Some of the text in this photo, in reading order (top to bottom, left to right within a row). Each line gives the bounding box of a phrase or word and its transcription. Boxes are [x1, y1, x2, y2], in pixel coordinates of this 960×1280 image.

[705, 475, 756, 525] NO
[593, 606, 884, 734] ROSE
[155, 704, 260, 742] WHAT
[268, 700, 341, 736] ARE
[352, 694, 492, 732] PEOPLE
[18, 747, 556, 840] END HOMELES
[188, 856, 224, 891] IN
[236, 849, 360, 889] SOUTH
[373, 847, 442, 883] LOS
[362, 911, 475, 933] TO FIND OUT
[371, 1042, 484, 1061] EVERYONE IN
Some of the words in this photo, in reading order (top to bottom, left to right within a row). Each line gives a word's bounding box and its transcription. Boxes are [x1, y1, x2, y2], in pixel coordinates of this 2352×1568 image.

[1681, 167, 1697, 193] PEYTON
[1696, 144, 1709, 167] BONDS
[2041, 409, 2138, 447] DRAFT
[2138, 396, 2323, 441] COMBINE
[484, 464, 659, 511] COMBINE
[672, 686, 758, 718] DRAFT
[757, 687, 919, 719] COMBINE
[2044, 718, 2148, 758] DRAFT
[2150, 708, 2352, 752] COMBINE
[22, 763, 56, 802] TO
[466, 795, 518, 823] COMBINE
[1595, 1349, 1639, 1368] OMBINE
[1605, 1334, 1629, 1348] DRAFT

◆ **YOUR INSTRUCTIONS**: In the entries above, take the line containing "Some of the words" and each later line through the last, and repeat them exactly. Output nothing else.

◆ **RESULT FOR THIS TASK**:
Some of the words in this photo, in reading order (top to bottom, left to right within a row). Each line gives a word's bounding box and its transcription. Boxes are [x1, y1, x2, y2], in pixel coordinates of this 2352×1568 image.

[1681, 167, 1697, 193] PEYTON
[1696, 144, 1709, 167] BONDS
[2041, 409, 2138, 447] DRAFT
[2138, 396, 2323, 441] COMBINE
[484, 464, 659, 511] COMBINE
[672, 686, 758, 718] DRAFT
[757, 687, 919, 719] COMBINE
[2044, 718, 2148, 758] DRAFT
[2150, 708, 2352, 752] COMBINE
[22, 763, 56, 802] TO
[466, 795, 518, 823] COMBINE
[1595, 1349, 1639, 1368] OMBINE
[1605, 1334, 1629, 1348] DRAFT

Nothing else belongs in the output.